Esta posição de destaque é atribuída ao facto de Portugal ter uma prevalência notavelmente baixa de apenas 1% de vaporizadores adultos e um imposto especial de consumo substancial de 50% sobre os produtos vaporizadores.
O Índice de Redução do Consumo de Vaping, que analisou 55 países com base no rigor regulamentar, nas medidas fiscais e no interesse público em deixar de fumar, classificou a Austrália em primeiro lugar, enquanto a França, a Irlanda e os EUA foram os menos eficazes na redução do consumo.
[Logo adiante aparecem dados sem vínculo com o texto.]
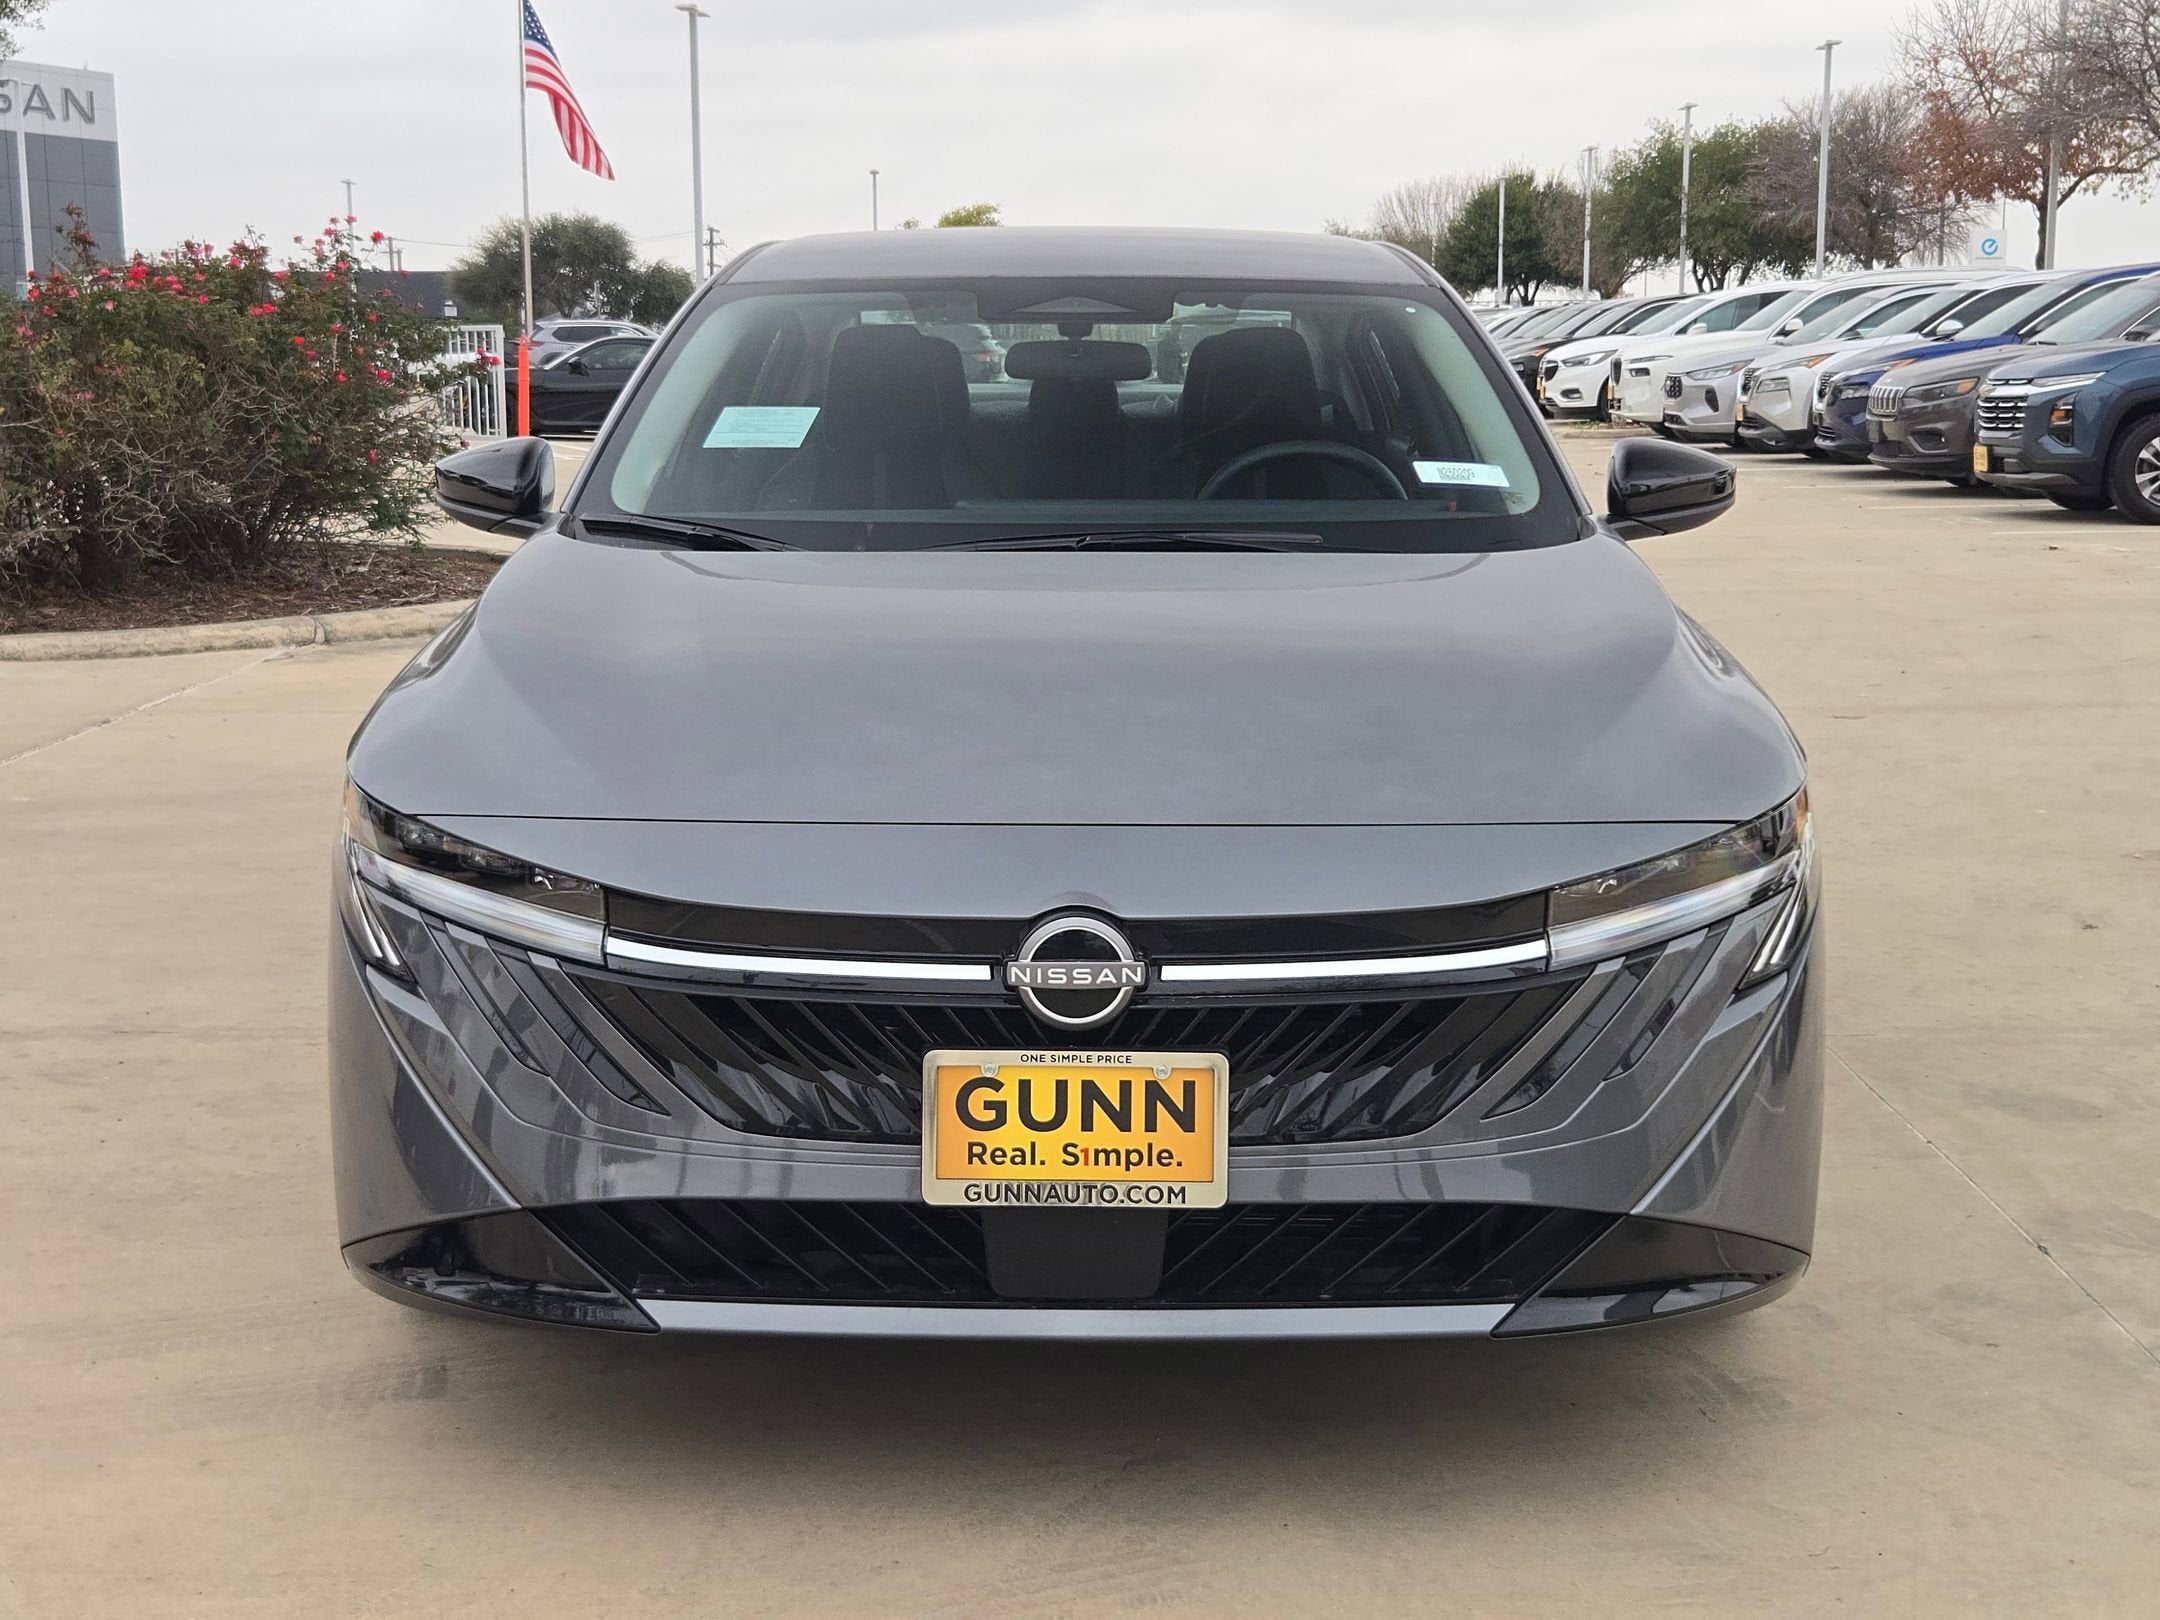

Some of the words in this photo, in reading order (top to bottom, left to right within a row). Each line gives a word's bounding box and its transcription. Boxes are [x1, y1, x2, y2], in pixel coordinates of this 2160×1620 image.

O índice visa destacar as nações que dão prioridade à saúde pública, à medida que aumentam as provas relativas às substâncias tóxicas presentes nos cigarros electrónicos, que a Organização Mundial de Saúde associa ao cancro e a doenças cardíacas.
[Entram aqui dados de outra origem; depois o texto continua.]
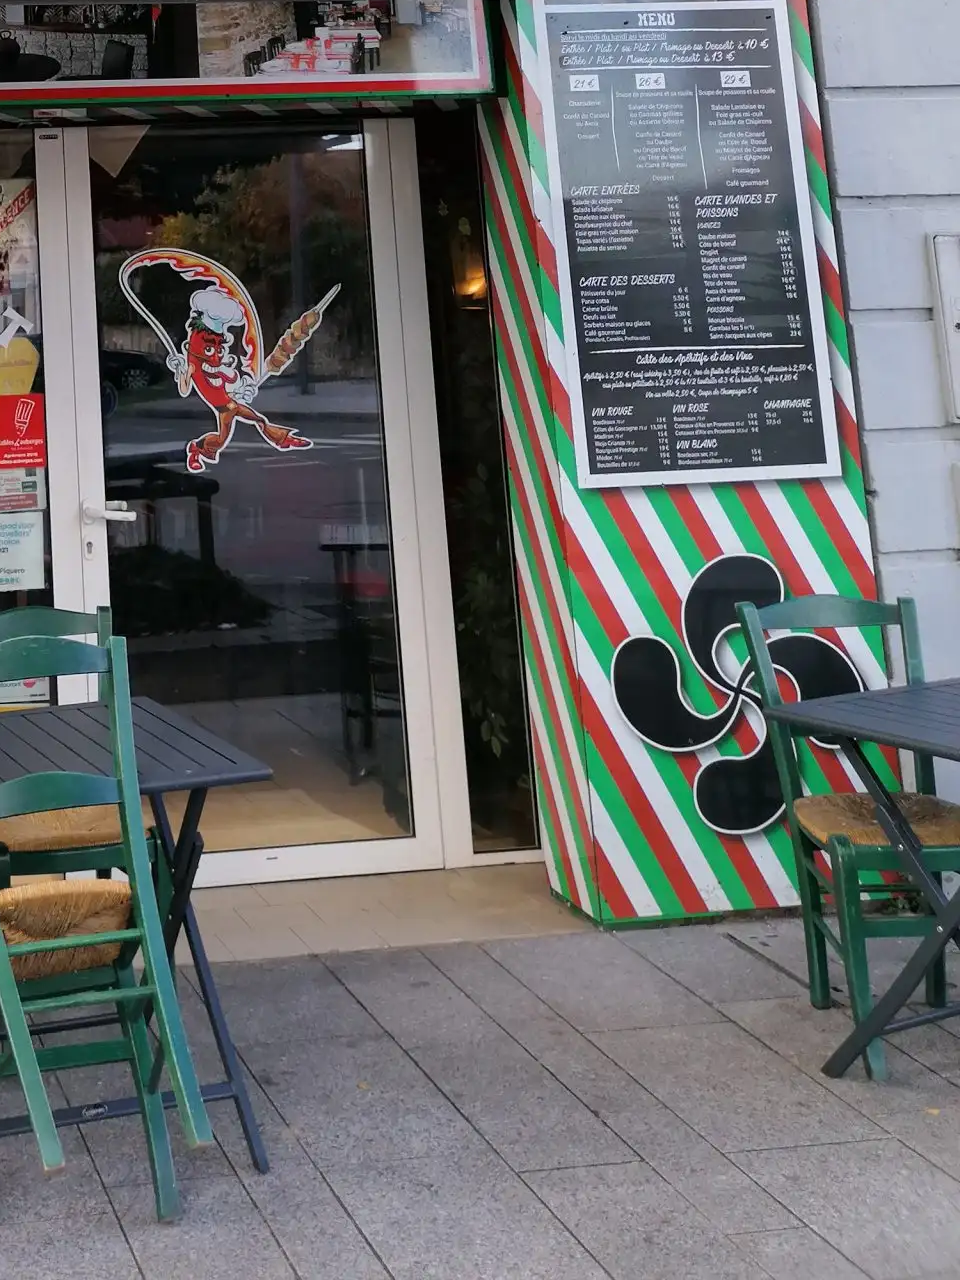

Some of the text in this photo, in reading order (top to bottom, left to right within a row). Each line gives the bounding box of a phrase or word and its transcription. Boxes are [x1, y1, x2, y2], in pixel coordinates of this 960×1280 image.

[638, 13, 675, 26] MENU
[571, 183, 640, 196] CARTE ENTRÉES
[695, 193, 778, 205] CARTE VIANDES ET
[696, 207, 739, 218] POISSONS
[580, 274, 675, 287] CARTE DES DESSERTS
[672, 403, 709, 413] VIN ROSE
[764, 398, 812, 409] CHAMPAGNE
[592, 406, 634, 417] VIN ROUGE
[676, 440, 690, 450] VIN
Steven Spicer, Diretor-Geral de Saúde da Compare the Market, elogiou países como Portugal por terem implementado regulamentos e impostos rigorosos para mitigar os riscos emergentes para a saúde a longo prazo.
Ao investirem agora em proibições e na educação, estas nações líderes são vistas como assegurando um futuro mais saudável para as suas populações, num contexto de aumento global do consumo de cigarros electrónicos.